PROMPT =>
Could you retype the entries below exactly, omitting every picture?

RECORDS SUPPLIED =>
»»
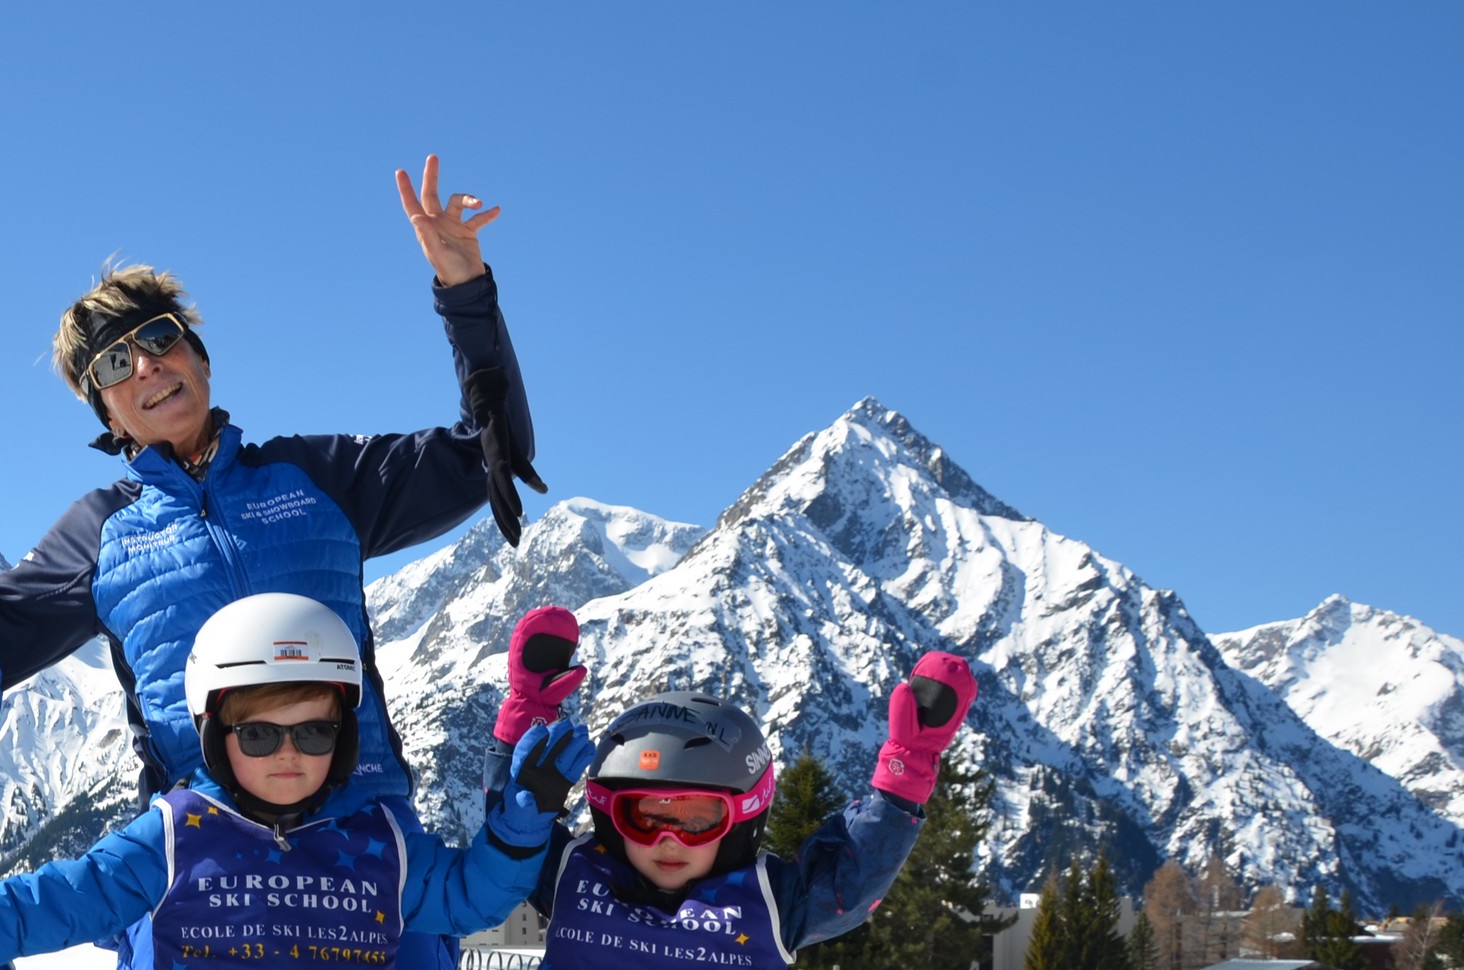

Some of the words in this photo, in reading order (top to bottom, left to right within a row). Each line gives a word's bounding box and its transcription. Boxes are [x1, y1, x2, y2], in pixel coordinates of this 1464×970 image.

[240, 511, 255, 520] SKI
[263, 497, 317, 517] SNOWBOARD
[246, 489, 305, 511] EUROPEAN
[261, 509, 307, 525] SCHOOL
[197, 874, 378, 897] EUROPEAN
[209, 893, 251, 908] SKI
[266, 892, 372, 914] SCHOOL
[577, 898, 614, 916] SKI
[180, 925, 235, 939] ECOLE
[242, 924, 266, 937] DE
[272, 924, 300, 937] SKI
[228, 943, 265, 960] +33
[289, 944, 301, 960] 4
[601, 933, 623, 948] DE
[629, 939, 656, 954] SKI
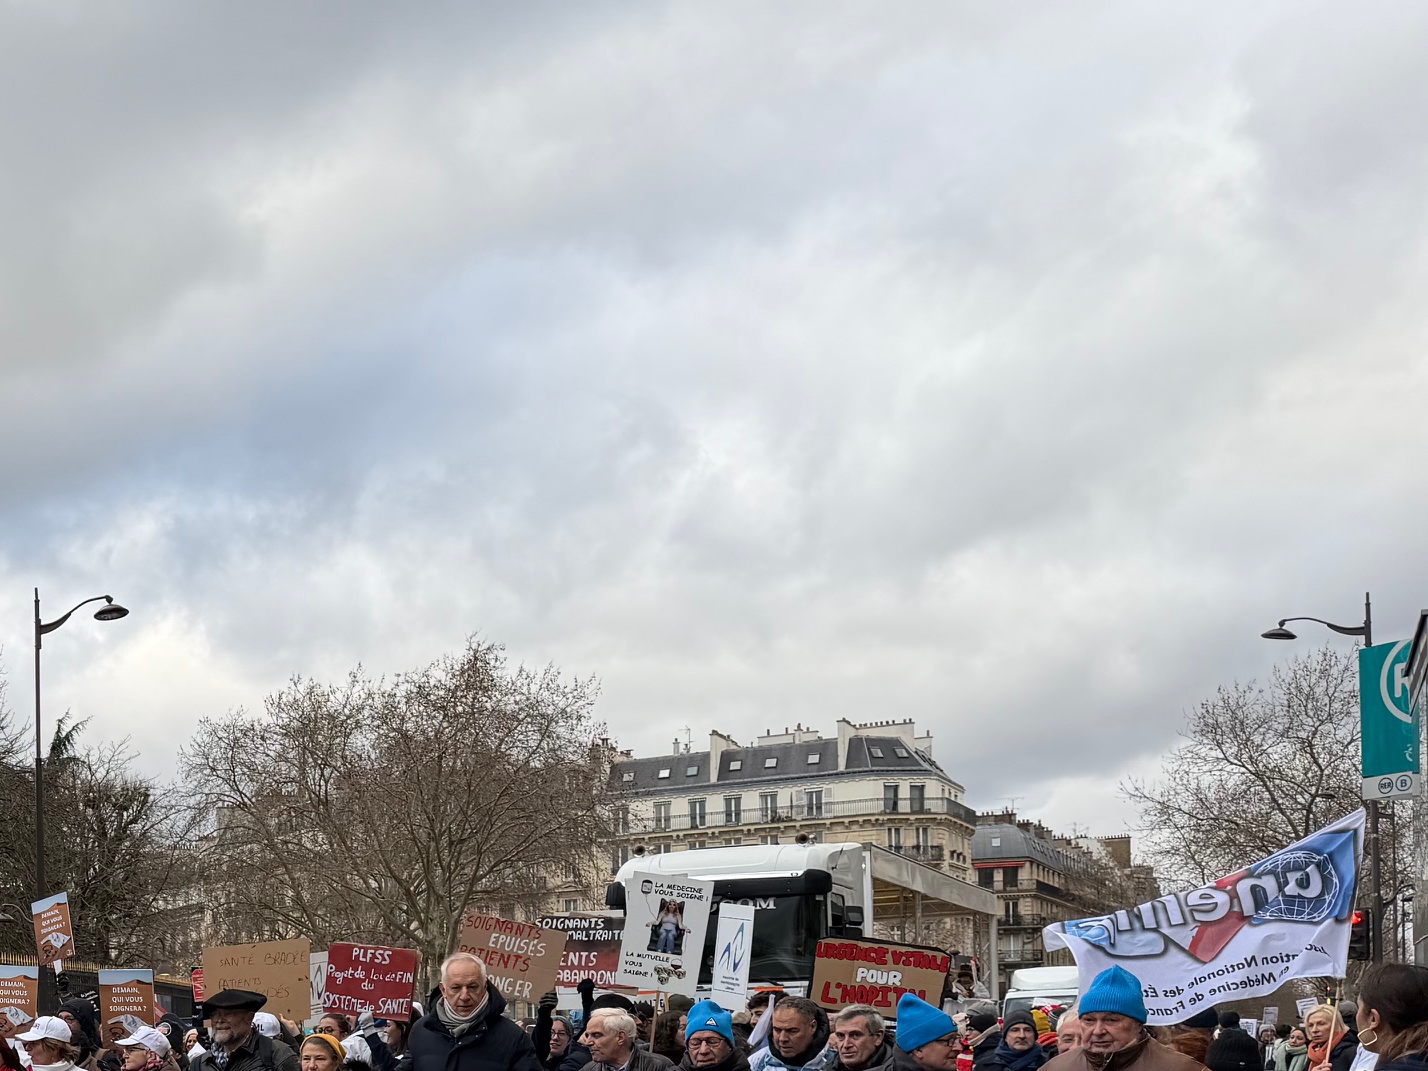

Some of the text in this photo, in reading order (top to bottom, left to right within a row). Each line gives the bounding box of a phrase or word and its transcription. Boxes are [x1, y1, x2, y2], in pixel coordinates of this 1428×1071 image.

[1400, 779, 1407, 788] B
[654, 888, 674, 897] VOUS
[676, 891, 704, 902] SOIGNE
[667, 883, 704, 894] MEDECINE
[466, 915, 544, 940] SOIGNANTS
[535, 918, 605, 929] SOIGNANTS
[219, 950, 307, 967] SANTÉ BRADÉE
[352, 947, 392, 964] PLFSS
[638, 953, 670, 963] MUTUELLE
[816, 940, 950, 973] URGENCE VITALE
[354, 966, 366, 978] de
[371, 968, 383, 980] loi
[385, 972, 395, 981] de
[396, 972, 414, 983] FIN
[623, 969, 649, 977] SAIGNE
[856, 967, 903, 986] POUR
[218, 977, 262, 990] PATIENTS
[361, 979, 375, 990] du
[323, 992, 412, 1015] SYSTEME de SANTÉ
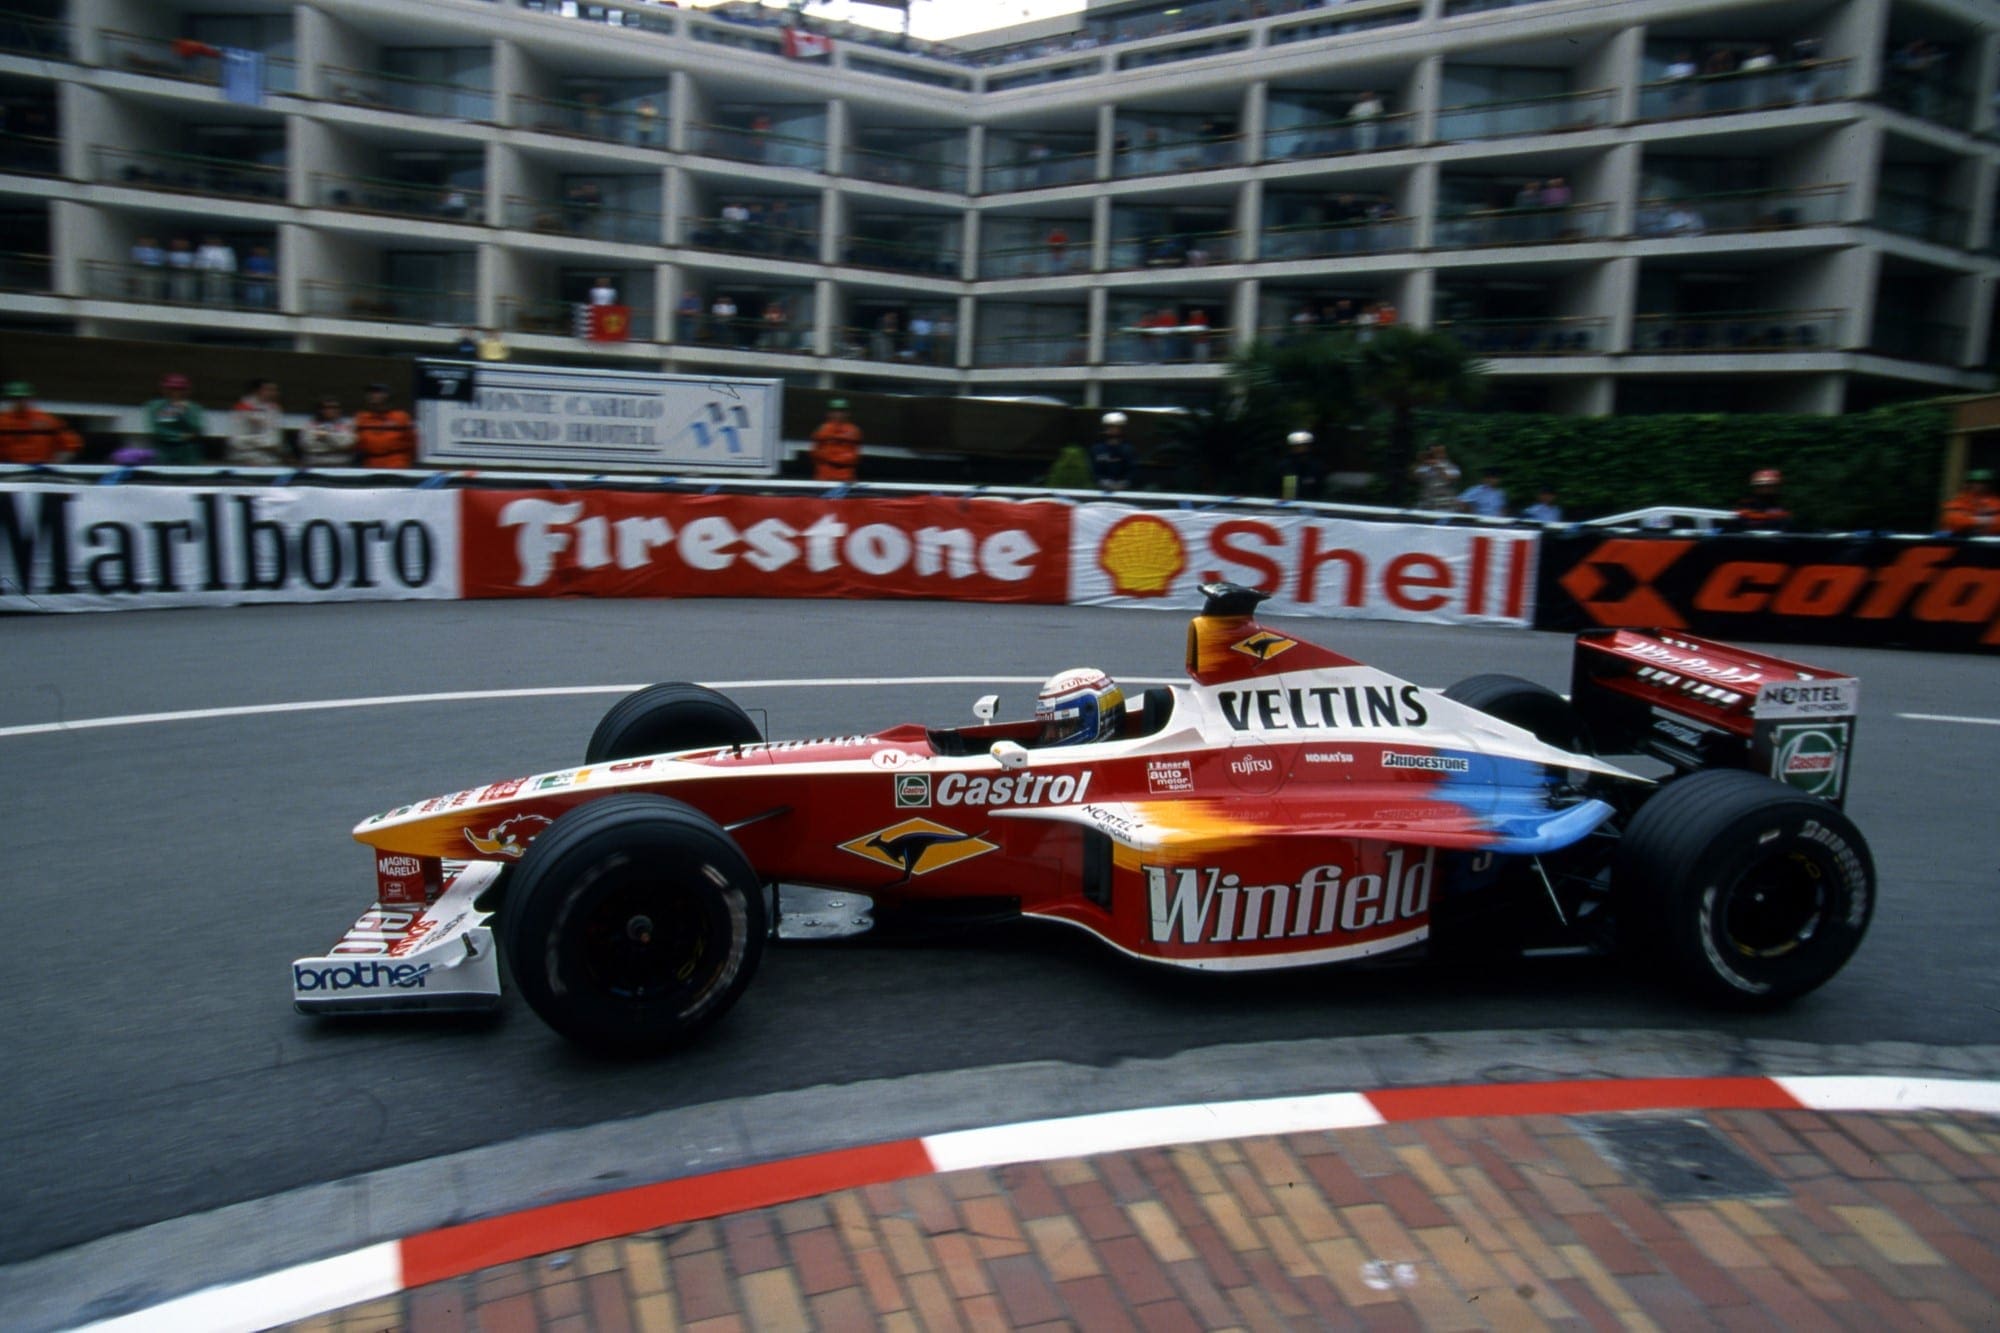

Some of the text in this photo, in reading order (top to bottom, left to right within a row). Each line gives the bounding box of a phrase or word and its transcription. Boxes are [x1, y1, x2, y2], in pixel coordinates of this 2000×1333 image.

[450, 417, 657, 446] GRAND HOTEL
[0, 491, 438, 595] Marlboro
[497, 497, 1041, 587] Firestone
[1202, 519, 1530, 619] Shell
[1217, 685, 1428, 731] VELTINS
[1763, 686, 1841, 705] NORTEL
[1150, 770, 1181, 780] auto
[1231, 754, 1273, 776] FUJITSU
[1382, 751, 1468, 772] BRIDGESTONE
[1788, 754, 1833, 770] Castrol
[936, 770, 1092, 806] Castrol
[1082, 804, 1133, 832] NORTEL
[379, 856, 421, 872] MAGNETI
[379, 861, 421, 877] MARELLI
[1141, 845, 1438, 945] Winfield
[294, 961, 432, 991] brother
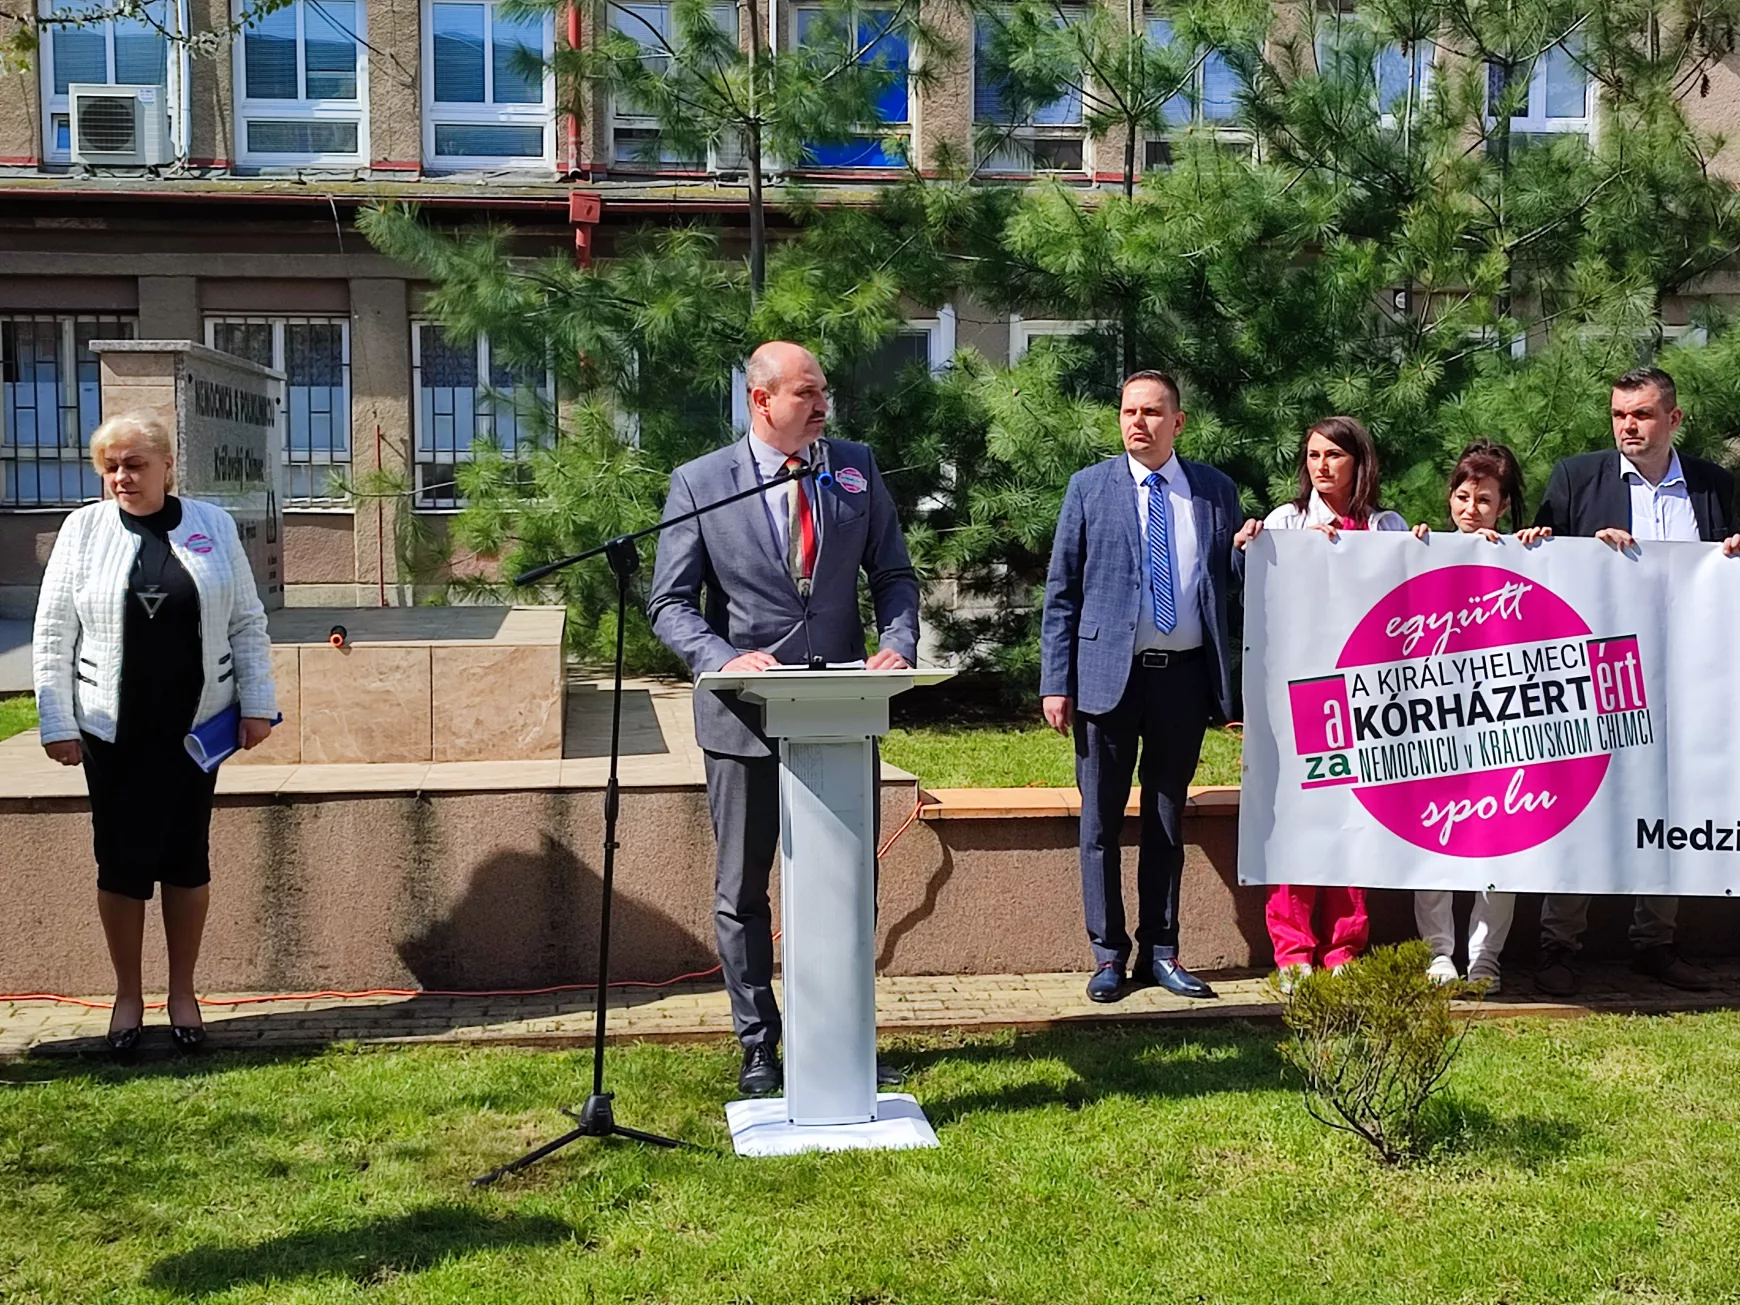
««
RESPONSE TO THIS TASK =>
Some of the words in this photo, in reading order (top to bottom, left to right within a row). Each line gives a word's bounding box and its transcription. Boxes are [x1, y1, x2, y2], in pixel coordinates of this 1464×970 image.

[240, 511, 255, 520] SKI
[263, 497, 317, 517] SNOWBOARD
[246, 489, 305, 511] EUROPEAN
[261, 509, 307, 525] SCHOOL
[197, 874, 378, 897] EUROPEAN
[209, 893, 251, 908] SKI
[266, 892, 372, 914] SCHOOL
[577, 898, 614, 916] SKI
[180, 925, 235, 939] ECOLE
[242, 924, 266, 937] DE
[272, 924, 300, 937] SKI
[228, 943, 265, 960] +33
[289, 944, 301, 960] 4
[601, 933, 623, 948] DE
[629, 939, 656, 954] SKI

Some of the text in this photo, in reading order (top to bottom, left to right within a row). Each line gives the bounding box of a phrase or word and its transcription. Boxes are [x1, y1, x2, y2], in pixel coordinates of this 1428×1071 image.

[1400, 779, 1407, 788] B
[654, 888, 674, 897] VOUS
[676, 891, 704, 902] SOIGNE
[667, 883, 704, 894] MEDECINE
[466, 915, 544, 940] SOIGNANTS
[535, 918, 605, 929] SOIGNANTS
[219, 950, 307, 967] SANTÉ BRADÉE
[352, 947, 392, 964] PLFSS
[638, 953, 670, 963] MUTUELLE
[816, 940, 950, 973] URGENCE VITALE
[354, 966, 366, 978] de
[371, 968, 383, 980] loi
[385, 972, 395, 981] de
[396, 972, 414, 983] FIN
[623, 969, 649, 977] SAIGNE
[856, 967, 903, 986] POUR
[218, 977, 262, 990] PATIENTS
[361, 979, 375, 990] du
[323, 992, 412, 1015] SYSTEME de SANTÉ

Some of the text in this photo, in reading order (top to bottom, left to right within a row). Each line gives the bounding box of a phrase or word and its transcription. Boxes are [x1, y1, x2, y2], in pixel coordinates of this 2000×1333 image.

[450, 417, 657, 446] GRAND HOTEL
[0, 491, 438, 595] Marlboro
[497, 497, 1041, 587] Firestone
[1202, 519, 1530, 619] Shell
[1217, 685, 1428, 731] VELTINS
[1763, 686, 1841, 705] NORTEL
[1150, 770, 1181, 780] auto
[1231, 754, 1273, 776] FUJITSU
[1382, 751, 1468, 772] BRIDGESTONE
[1788, 754, 1833, 770] Castrol
[936, 770, 1092, 806] Castrol
[1082, 804, 1133, 832] NORTEL
[379, 856, 421, 872] MAGNETI
[379, 861, 421, 877] MARELLI
[1141, 845, 1438, 945] Winfield
[294, 961, 432, 991] brother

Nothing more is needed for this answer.